Its October (surprise!) and with it comes the inevitable Halloween displays in the shops (followed closely by the Christmas decorations…) and although here in the Southern Hemisphere we should be celebrating Spring and the coming of Summer, those good old Northern Hemisphere traditions have a firm hold. So in the mode of ‘if you can’t beat ’em, join ’em’ I have compiled a wee list of some strange but true superstitions associated with Halloween. But first a bit of history…
In the northern hemisphere the first of November marks the beginning of winter and on the Christian calender is referred to as All Hallows Day when all the saints would be celebrated (‘hallows’ = very holy). Thus the day before became All Hallows Eve which in turn was eventually shortened to Halloween. Originally, the Western Christian Church observed All Saints/Hallows Day on May the first but in the ninth century AD it was moved to November the first.
A seemingly much older tradition says that it is a time when the veil between the worlds is at its thinnest, when it is possible for the spirits of the ancestors to walk the earth. Referred to as Samhain – a term mentioned often in Irish mythology when many important and heroic events happen. Such traditions may well have a long pedigree. There is some evidence that the Neolithic passage tombs were aligned with the sunrise at the time of Samhain. In early Irish literature it is often seen as a liminal time when Aos Si (spirits/fairies) could come into our world more easily and offerings of food and drink were left out for them to ensure the people and their livestock survived the winter.
As an extension of this it was later believed that the souls of the dead would visit homes seeking hospitality and so feasts were held with a place being set for them at the table. Increasingly, this tradition is being adapted for the modern age with families now using Halloween as a time to remember loved ones who have passed away.
As a time between the end of the harvest and the beginning of winter it also became a time when people would take stock of food supplies, cattle would be brought down from summer pastures and animals would be chosen for slaughter. As part of the rituals associated with this time bonfires would be lit, sometimes two bonfires would be lit and people (plus livestock) would pass through the middle as a cleansing ritual. In parts of Scotland torches from the bonfire would be carried sunwise around the homes and fields to protect them.
Strange but True
Many of the superstitions associated with Halloween are often connected with the tradition of the spirits walking the earth and the assumption that some of these may have an evil intent. Thus, it was said if you wanted to keep evil spirits away you should walk three times around your house backwards before the sun sets. Or spend the evening with your pockets inside out and no evil spirit will accost you (and most likely neither will the living…). If you are lucky enough to be born on Halloween you will forever be protected from evil spirits.
Then there are those superstitions aimed at the overactive imagination – so if you hear footsteps behind you on Halloween night…DO…NOT…TURN AROUND…Furthermore, if you are out and about in the evening and the moonlight casts a shadow do not look at your own. Both of these only make me want to look.

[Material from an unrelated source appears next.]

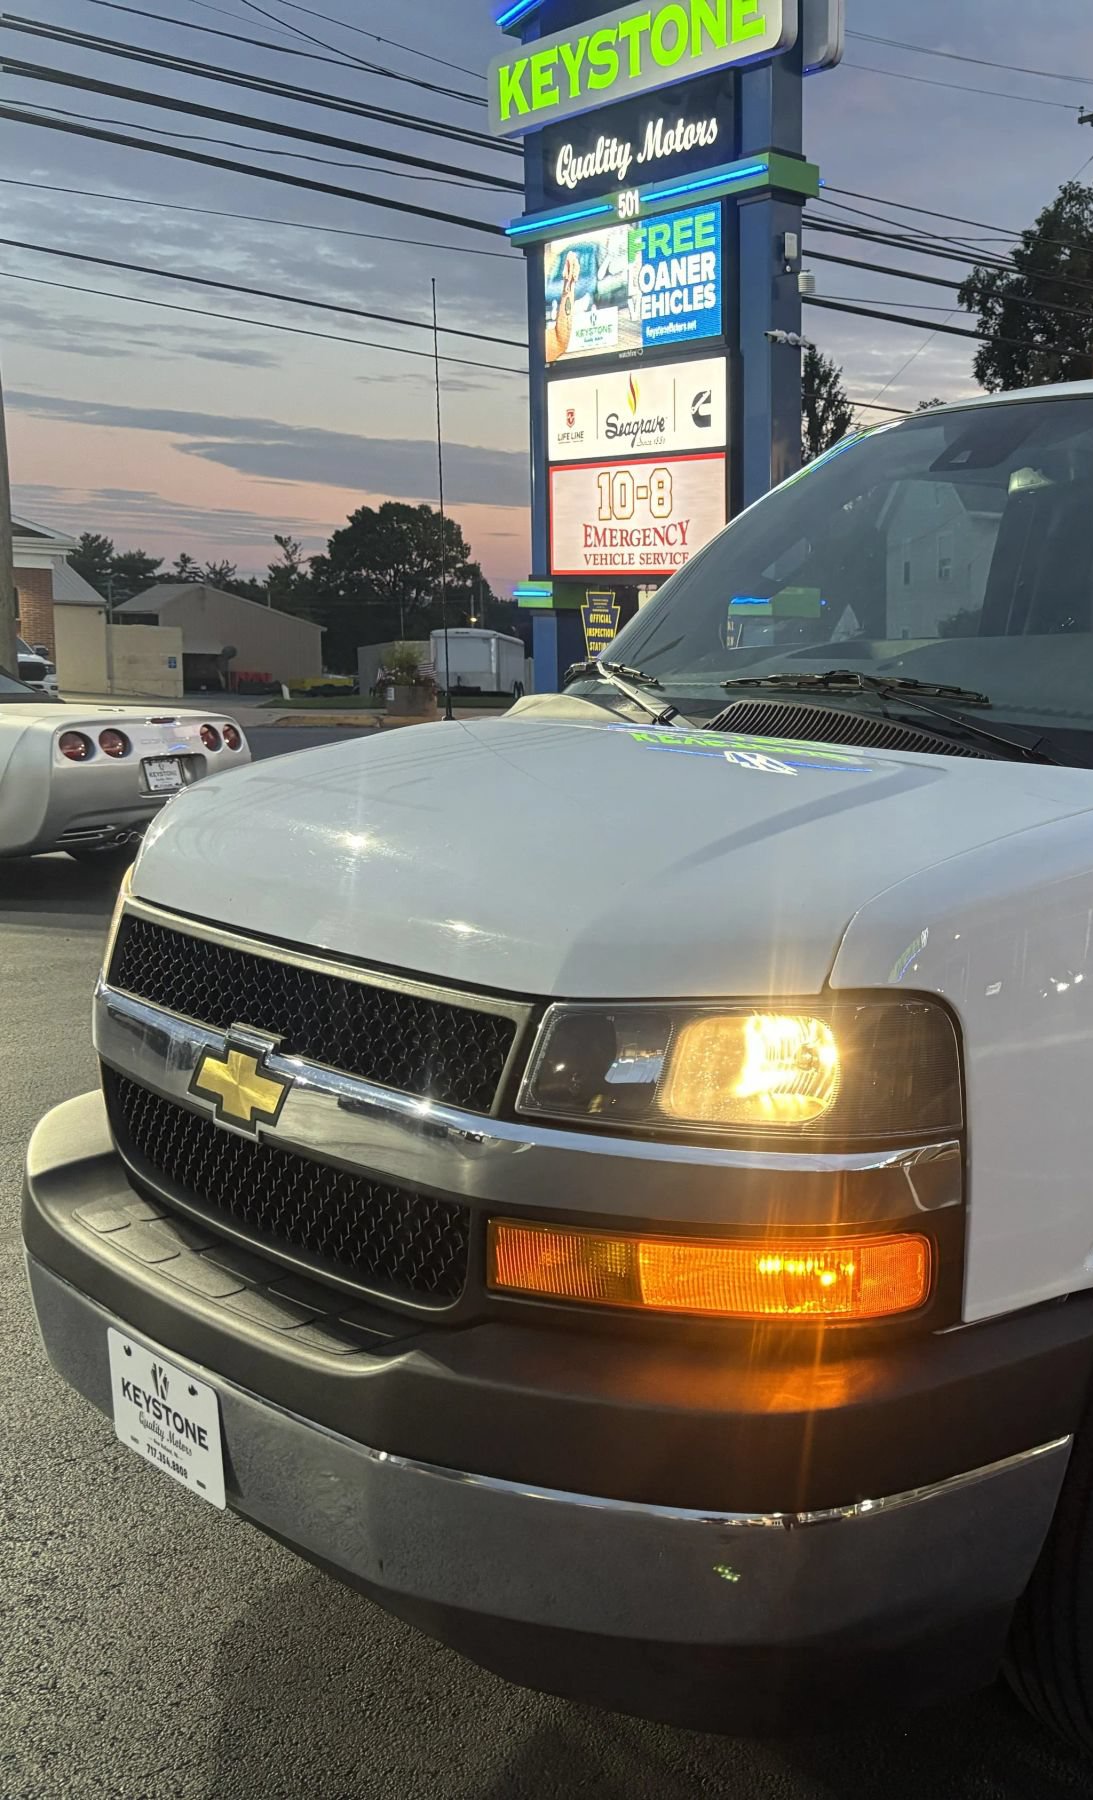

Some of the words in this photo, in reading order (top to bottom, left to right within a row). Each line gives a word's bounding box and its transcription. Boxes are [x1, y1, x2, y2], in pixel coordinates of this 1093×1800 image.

There are some Halloween superstitions which are not so bad (depending on your perspective) – if you stand at a crossroads and listen to the wind you might here your future…just make sure it’s not a busy crossroads or your future might be rather short…For the unmarried make a dish of mashed potatoes and bury a ring in it, whoever gets the ring will be the first to marry. However, if that fails you can eat a salted herring on that night and you will dream of your future lover. Traditionally games such as apple bobbing all have their origins in divination traditions of Halloween – the first person to get a bite of the apple will be the next to get married…or you could peel an apple in one long strip and throw it over your shoulder, the shape it forms is said to be your future spouse whilst eggwhites dropped in water foretold the number of children you would have.
Spiders on All Hallows Eve get a reprieve from broom welding maniacs for it is considered bad luck to kill a spider on this day – it could be the soul of dead person from your family visiting.
Traditions associated with Halloween which we are more familiar with such as trick or treating, dressing up and pumpkin carving all have their origins in much earlier superstitions.
Thus dressing up was a way to confound the evil spirits who might wish you harm whilst pumpkin carving began as turnip carving. In the United Kingdom a turnip would be hollowed out and a crude face carved into it, then a candle would be placed inside and the whole scary apparition would be positioned in a window – a declaration to all potential ghouls that this house was already haunted. It was also considered a wise course of action to carry said turnip when travelling out and about on this night as a warning to the spirits to keep away. The proliferation of pumpkin jack o lanterns in North America essentially comes down to a lack of turnips…
Trick or treating (every childs reason for celebrating Halloween) is a much evolved version of the earlier tradition of ‘guising’, ‘mumming’ and ‘souling’. Guising was were ordinary folk would dress up in bizarre costumes and then would wander door to door singing and performing for wealthier people (mumming). Often the wealthy would share sweetmeats or a cake known as a soul cake in exchange for their prayers for dead relatives (souling). Guising and mumming were not restricted to Halloween. Even today, in the far west of Cornwall guising and mumming are carried out during the midwinter festival of Montol.